Benefits of Long-Term Planning
Making decisions for the long-term is described by Johnson (2007) as ‘one of the key strengths underpinning family businesses and a major source of competitive advantage.’ The reasons for this include the fact that the short-term pressures that many nonfamily firms face are no longer applicable, such as the shorter duration that company CEOs stay in their jobs; the need to meet earnings on a quarterly basis to satisfy shareholders and investors; and shorter planning horizons. Rather, family firms can give ‘patient capital,’ and whilst they must communicate with shareholders, they have the freedom to make decisions that will benefit the business in the long- term. The benefits of long-term planning for family businesses will now be discussed within the context of agency and stewardship theory, transaction cost theory, Maslow’s (1954) hierarchy of needs, and life cycle theory.

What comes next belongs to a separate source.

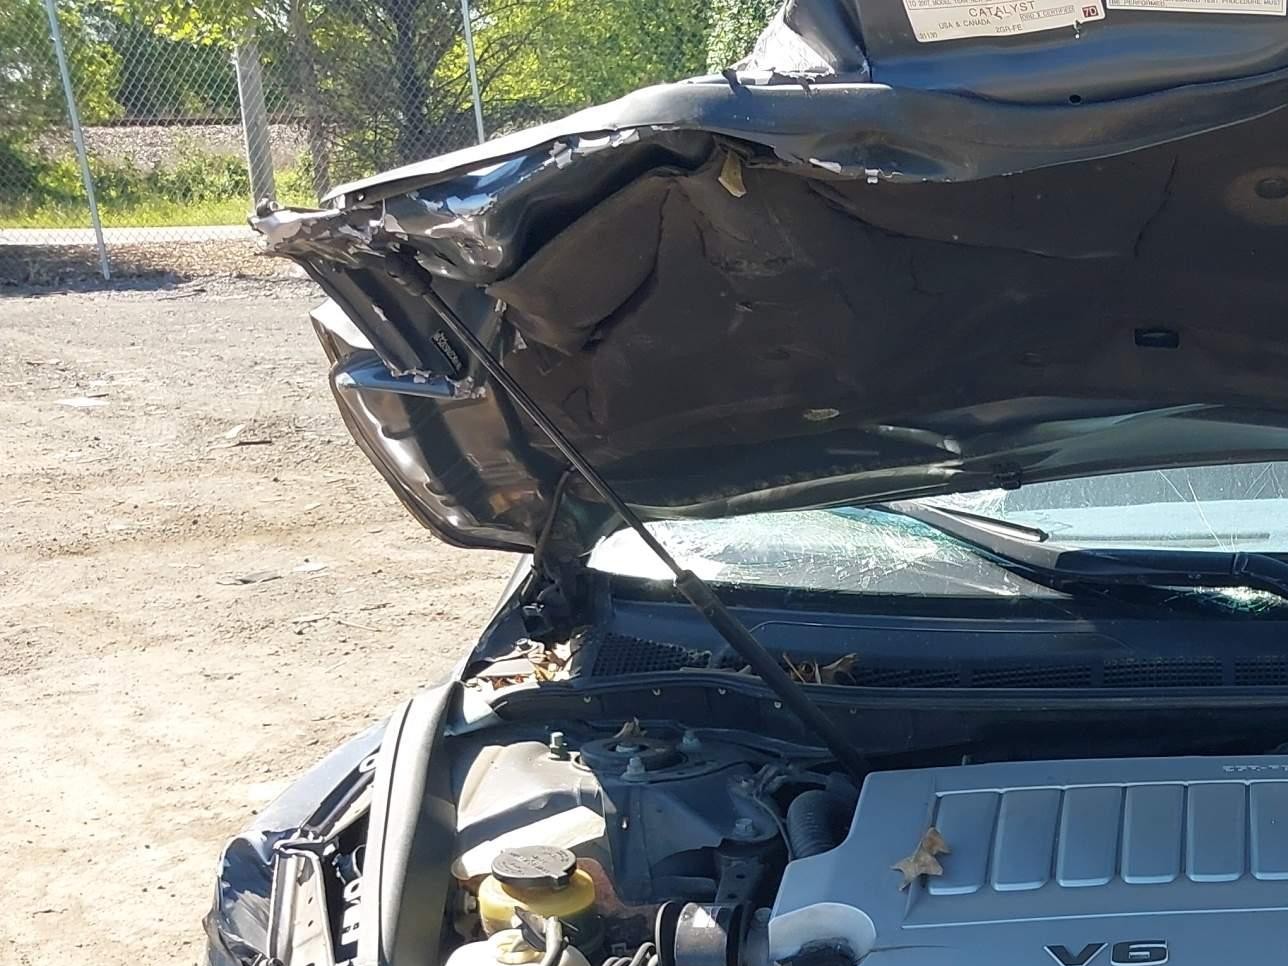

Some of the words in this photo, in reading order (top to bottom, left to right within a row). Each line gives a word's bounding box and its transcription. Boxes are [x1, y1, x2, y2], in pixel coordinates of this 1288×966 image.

[968, 1, 1036, 17] CATALYST
[1083, 6, 1097, 18] 7D
[963, 19, 991, 27] CANADA
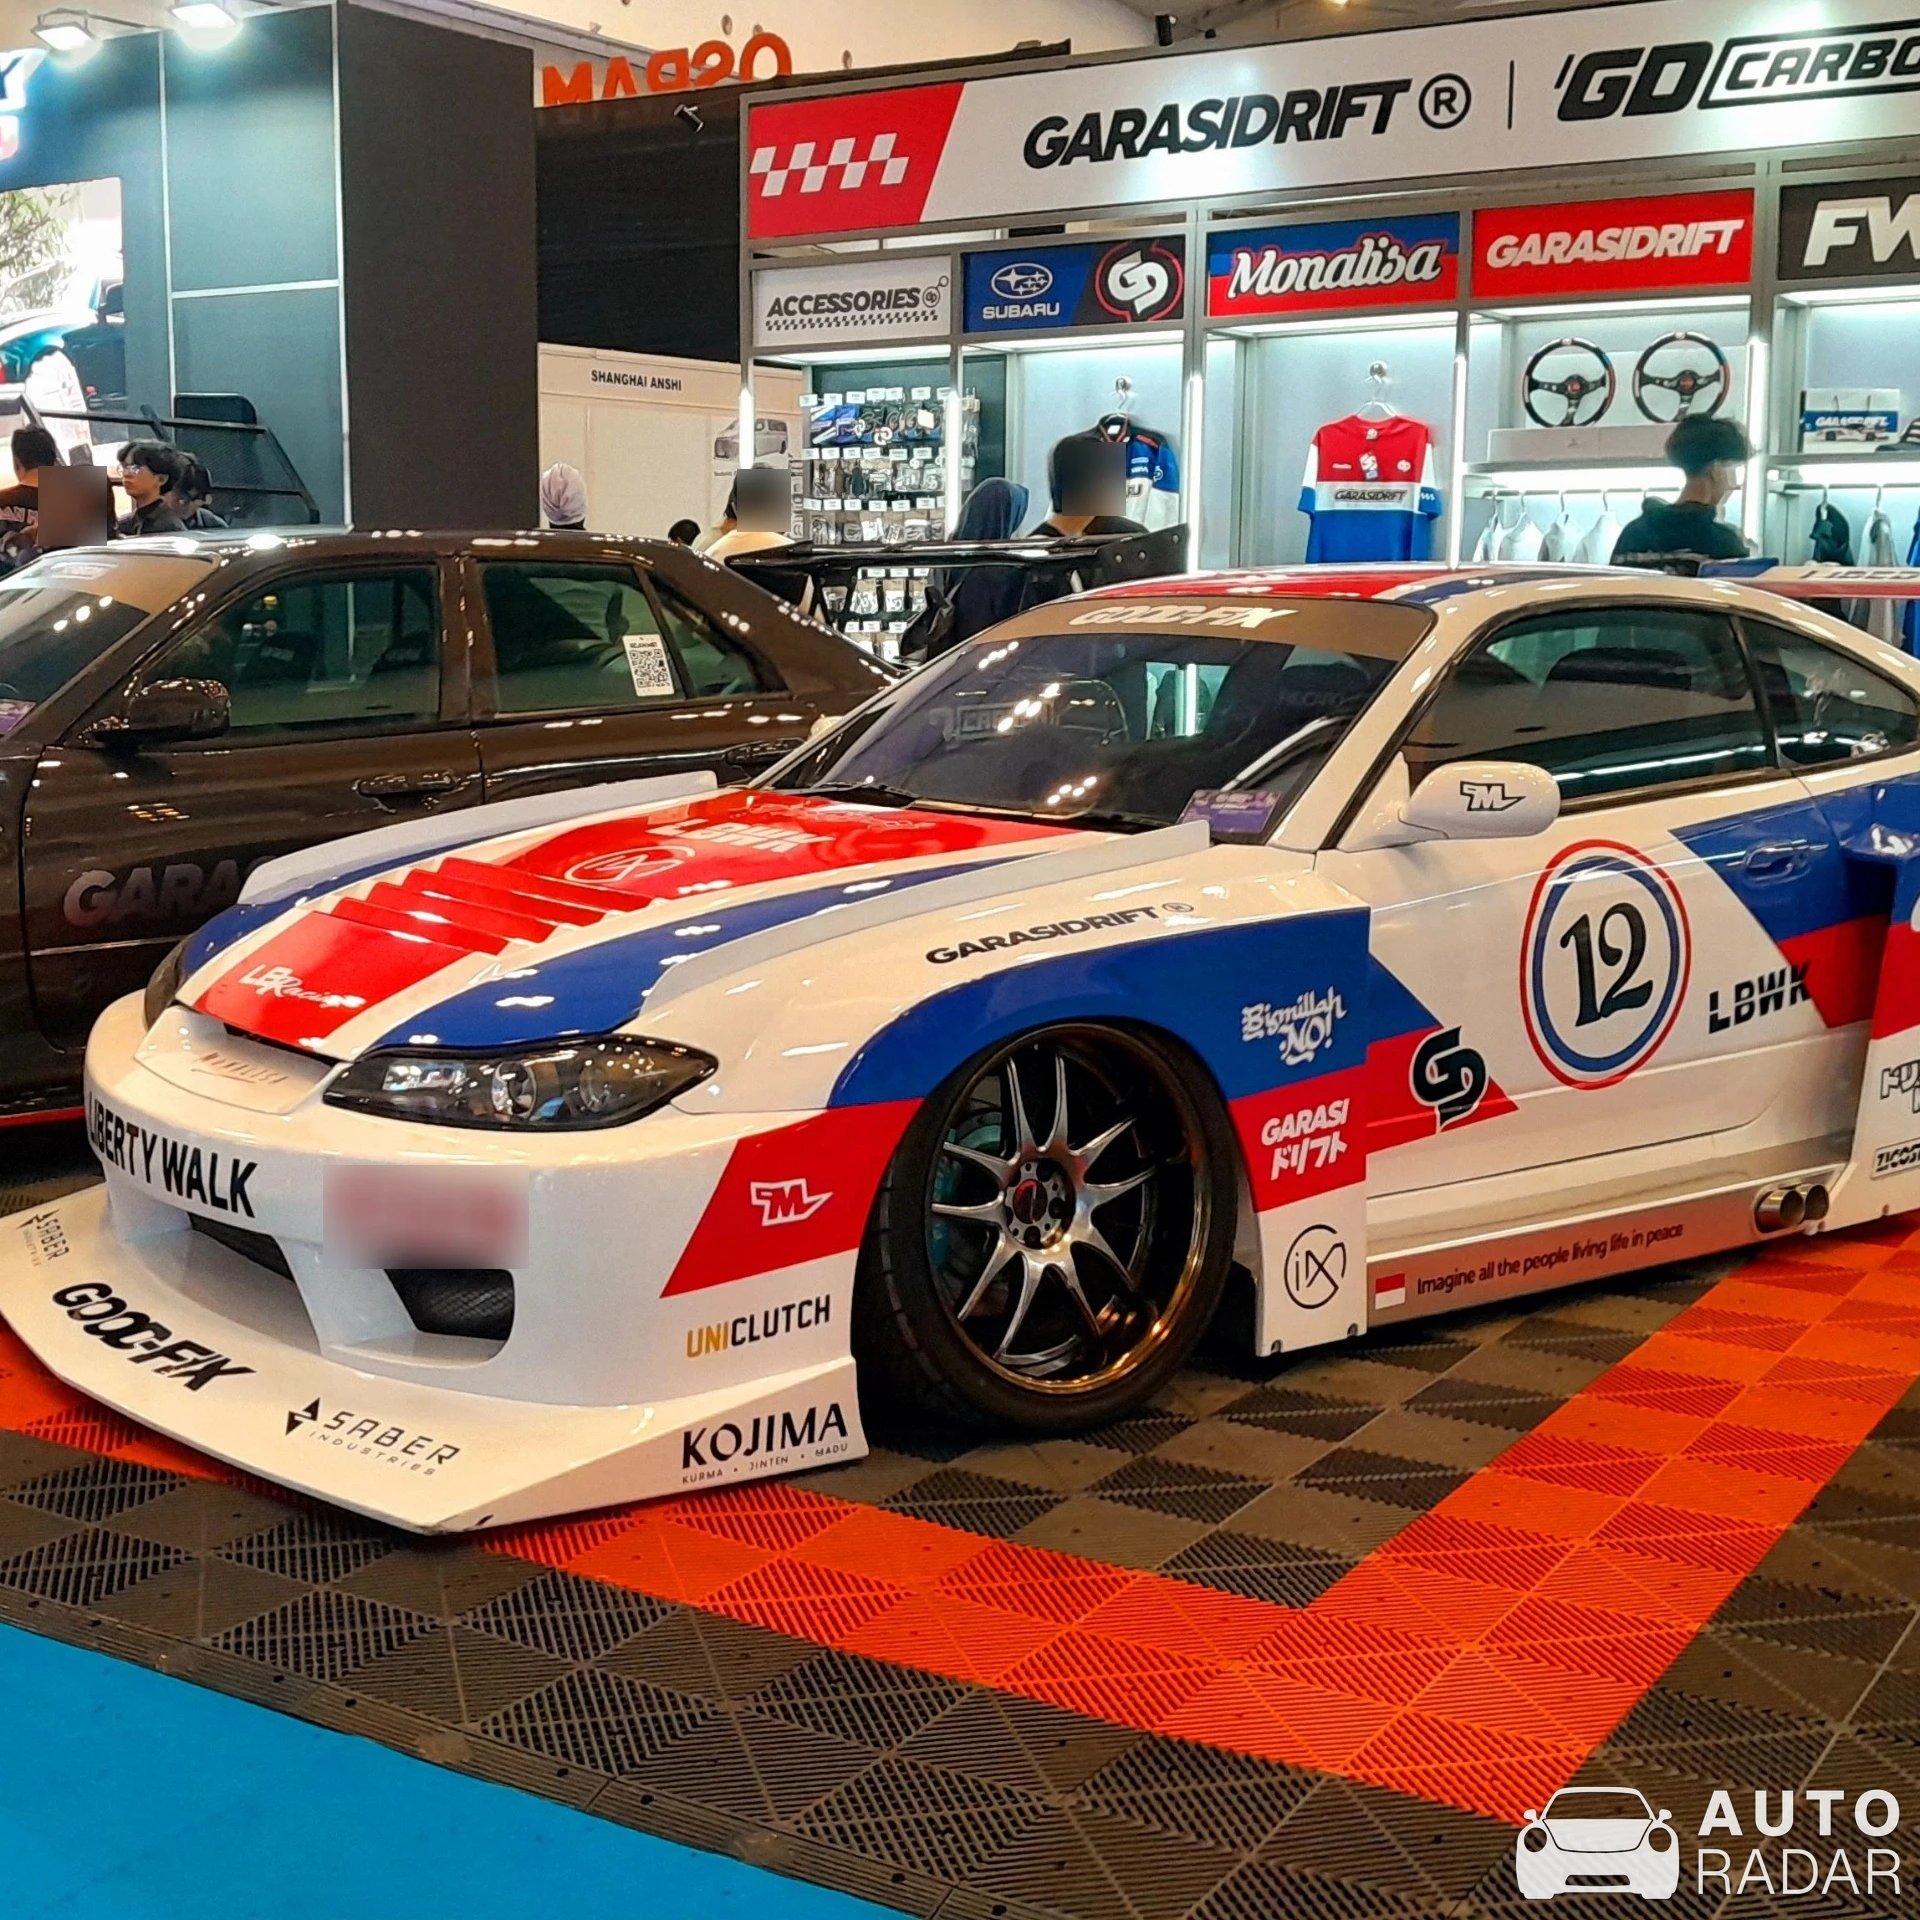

Agency theory is a useful tool when assessing family business. Daily, Dalton and Rajagopalan (2003: 152) claim that agency theory in a nutshell is when, ‘managers, as agents of shareholders (principals) can engage in decision-making and behaviours that may be inconsistent with maximising shareholder wealth.’ Whilst traditionally researchers have believed agency issues hold no significance with family firms (e.g. Fama & Jensen, 1983; Jensen & Meckling, 1976), most recent research suggests that there is a complex relationship between family businesses and agency issues (Gomez-Mejia, Larraza-Kintana, & Makri, 2003; Steier, 2003). This complexity arises from the fact that family businesses may have economic and non-economic goals, and a merging of ownership and altruism to the family (Gomez-Mejia, Nunez-Nickel, & Gutierrez, 2001; Schulze, Lubatkin, Dino, & Bucholtz, 2001; Schulze, Lubatkin, & Dino, 2003; Steier, 2003).
However, most findings suggest that there are higher agency costs in nonfamily firms, due to the fact that managers are not usually shareholders themselves, and often make decisions that conflict with those of investors (who desire to see short-term profits and goals being met). Chrisman, Chua and Litz (2004) found in their study of firms with between 5-100 employees that even if, statistically speaking, the short-term sales growth of both nonfamily and family firms were equal, strategic planning (a mechanism used to control agency costs) was a successful means by which nonfamily firms improved their performance. Thus, even if the total agency costs for family firms are not negative, they are still less than the agency costs in nonfamily firms, which not only coincides with the findings of current and traditional literature (e.g. Fama & Jensen, 1983; Jensen & Meckling, 1976; Pollak, 1985), but has positive implications for family firms. Chrisman et al. (2004) conclude that, given that nonfamily firms benefit more from strategic planning processes, this may be because of the greater pervasive agency problems that exist.
Johnson (2007) notes that family firms may be more ‘prudent’ and have less debt than nonfamily firms. This may mean that a focus on long-term success, such as ensuring that the next generation inherit the business, may lead to less risks being taken.